The application offers a dashboard view displaying all previously uploaded scans. Custom software that was provided for the purposes of this study by Nurea enabled the queuing of larger badges of CTA scans, thereby enabling to analyze multiple scans without further intervention of the user. The analysis of each scan requires about 1 to 5 minutes, depending on the number of images per scan. After selection of the DICOM CTA images, no further intervention of the user was required. The software then produces a report in pdf format for every scan that can be accessed through the dashboard view within the application. Larger sets of results can be exported in tabular format as well. An excerpt of the report is presented in Supplemental Figure 2. A full report is presented in Supplementary Material 1. The software recommends for the user to visually review the report to verify plausibility of the segmentation and provides 2-dimensional and 3-dimensional visualization of the segmented volumes, including an overview and imaging slices, from which the measurements are derived.
Statistical Analysis
Statistical analysis was performed using “R” (version 4.3.1, 64 bit, Vienna, Austria). 16 For the validation of the PRAEVAorta software’s accuracy in measuring the maximum AAA diameter (outer-to-outer), descriptive statistical analysis is used with mean values and standard deviations (SDs). Furthermore, a correlation of the manual and fully-automated diameter measurements is calculated as well as a Bland-Altman plot and intraclass correlations (ICCs). The ICC is presented with 95% confidence intervals (95% CIs). An absolute, maximum difference of <5 mm was defined as clinically acceptable, considering interobservership differences in the literature.5,7,17–19
Results
Imaging Data
There were 871 contrast CT scans available for the purposes of this study displaying the full abdominal aorto-iliac anatomy in arterial phase. These 871 scans were analyzed fully-automatically by the PRAEVAorta software. After analysis, generated pdf reports were independently assessed by 2 observers (J.H., A.B.). Subsequently, 87 scans (10.0%) were excluded for obvious segmentation errors due to misdetection of the aortic segments or misdetection of the outer circumference of the aortic wall. Representative images of excluded scans are presented in Figure 1. The remaining 784 scans were matched with the corelab data set, which resulted in 762 available matched pairs for analysis. For 22 scans (2.8%), there were no corelab measurements available at the time of data curation for this study.
Scans with obvious errors in segmentations (N=87/871, 10.0%). All reports were scanned for these errors and independently assessed for plausibility by 2 observers (J.H., A.B.). Obviously flawed segmentations were excluded from further analysis.

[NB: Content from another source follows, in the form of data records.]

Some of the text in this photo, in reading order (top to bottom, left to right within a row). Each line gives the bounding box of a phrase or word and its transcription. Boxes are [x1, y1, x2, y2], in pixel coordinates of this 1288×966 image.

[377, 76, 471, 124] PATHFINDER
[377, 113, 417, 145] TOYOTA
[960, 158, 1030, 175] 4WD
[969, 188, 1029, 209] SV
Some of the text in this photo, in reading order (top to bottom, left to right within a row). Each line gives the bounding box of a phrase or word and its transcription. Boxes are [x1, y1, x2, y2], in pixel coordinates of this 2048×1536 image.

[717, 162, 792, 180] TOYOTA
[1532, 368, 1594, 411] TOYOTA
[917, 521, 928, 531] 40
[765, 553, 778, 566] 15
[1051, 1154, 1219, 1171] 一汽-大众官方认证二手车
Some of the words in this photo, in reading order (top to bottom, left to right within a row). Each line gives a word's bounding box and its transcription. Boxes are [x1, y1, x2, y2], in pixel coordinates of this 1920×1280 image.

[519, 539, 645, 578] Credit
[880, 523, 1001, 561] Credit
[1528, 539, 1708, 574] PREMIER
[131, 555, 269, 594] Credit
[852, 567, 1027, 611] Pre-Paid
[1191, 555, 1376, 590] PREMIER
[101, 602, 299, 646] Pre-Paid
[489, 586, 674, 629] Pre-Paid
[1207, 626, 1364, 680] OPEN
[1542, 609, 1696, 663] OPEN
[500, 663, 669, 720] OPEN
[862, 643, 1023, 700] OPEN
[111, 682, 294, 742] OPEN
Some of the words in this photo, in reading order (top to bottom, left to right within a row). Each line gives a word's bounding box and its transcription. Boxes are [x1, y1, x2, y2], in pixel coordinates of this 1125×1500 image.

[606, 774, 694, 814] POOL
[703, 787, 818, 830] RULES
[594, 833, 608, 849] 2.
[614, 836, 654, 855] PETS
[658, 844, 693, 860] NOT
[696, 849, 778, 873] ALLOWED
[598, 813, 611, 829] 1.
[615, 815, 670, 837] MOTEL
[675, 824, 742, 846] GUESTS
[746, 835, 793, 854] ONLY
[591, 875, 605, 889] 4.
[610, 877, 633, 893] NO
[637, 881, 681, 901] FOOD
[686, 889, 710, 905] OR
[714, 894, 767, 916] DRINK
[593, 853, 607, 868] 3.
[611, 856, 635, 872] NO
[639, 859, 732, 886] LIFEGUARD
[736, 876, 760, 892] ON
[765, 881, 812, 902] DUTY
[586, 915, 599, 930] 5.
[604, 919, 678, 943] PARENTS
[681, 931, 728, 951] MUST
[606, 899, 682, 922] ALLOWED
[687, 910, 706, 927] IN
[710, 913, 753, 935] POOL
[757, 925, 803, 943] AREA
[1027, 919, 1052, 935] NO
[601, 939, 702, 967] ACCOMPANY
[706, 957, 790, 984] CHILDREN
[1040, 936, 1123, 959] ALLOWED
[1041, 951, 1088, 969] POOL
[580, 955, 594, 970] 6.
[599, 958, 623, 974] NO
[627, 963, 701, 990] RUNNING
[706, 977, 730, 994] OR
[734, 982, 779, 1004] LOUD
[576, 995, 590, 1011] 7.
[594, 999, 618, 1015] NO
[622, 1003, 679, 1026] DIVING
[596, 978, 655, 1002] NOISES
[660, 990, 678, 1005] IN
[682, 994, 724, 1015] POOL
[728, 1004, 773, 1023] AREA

There were 263 preoperative scans and 499 postoperative scans. Most scans had a slice thickness of 1 to 3 mm (N=477, 62.6%), followed by a slice thickness of <1 mm (N=213, 30.0%) and a slice thickness of >3 mm (N=72, 9.4%). The mean slice thickness across the included scans was 1.2 mm (SD=0.7). The excluded scans had a slice thickness of 1.4 mm (SD=0.9) with 33 scans <1 mm (37.9%), 41 with 1 to 3 mm (47.1%), and 13 with >3 mm (15.0%). A flowchart presenting included scans is presented in Figure 2.
Flow chart displaying the data set of the study.
PRAEVAorta 2 vs Core Laboratory
The mean aortic diameter across all scans as measured by core laboratory and PRAEVAorta 2 was 58.8 mm (SD=10.0) and 58.5 mm (SD=10.2), respectively. The mean absolute difference on a per scan basis between core laboratory and PRAEVAorta 2 was 0.28 mm (SD=2.4). 727 of 762 (95.4%) measurements showed a clinically acceptable accuracy with an absolute difference of <5 mm. A total of 628 (82.4%) scans showed a measurement difference of <3 mm. There was a strong correlation between the measurements provided by PRAEVAorta and the core laboratory with a correlation coefficient of 0.97. The correlation is displayed in Supplemental Figure 3. A total of 727 analyzed matched pairs (95.4%) were within a range of 5 mm in difference. The Bland-Altman plot is presented in Figure 3. The limits of agreement (95% confidence interval) were −4.36 mm for the lower and 4.93 mm for the upper limit of agreement with a bias of 0.28 mm.
Bland-Altman plot presenting the agreement between both methods. The lower limit of agreement was −4.36 mm, the upper limit was 4.93 mm with a bias of 0.28 mm. In total, 95.4% of measurements were within a ±5 mm absolute difference.
Intraclass Correlation
The ICC for all included scans was 0.972 (95% CI=0.968-0.976). For preoperative CT scans, ICC was 0.953 (95% CI=0.941-0.963), and for postoperative scans, ICC was 0.979 (95% CI=0.975-0.983), respectively. Violin plots are displayed in Figure 4.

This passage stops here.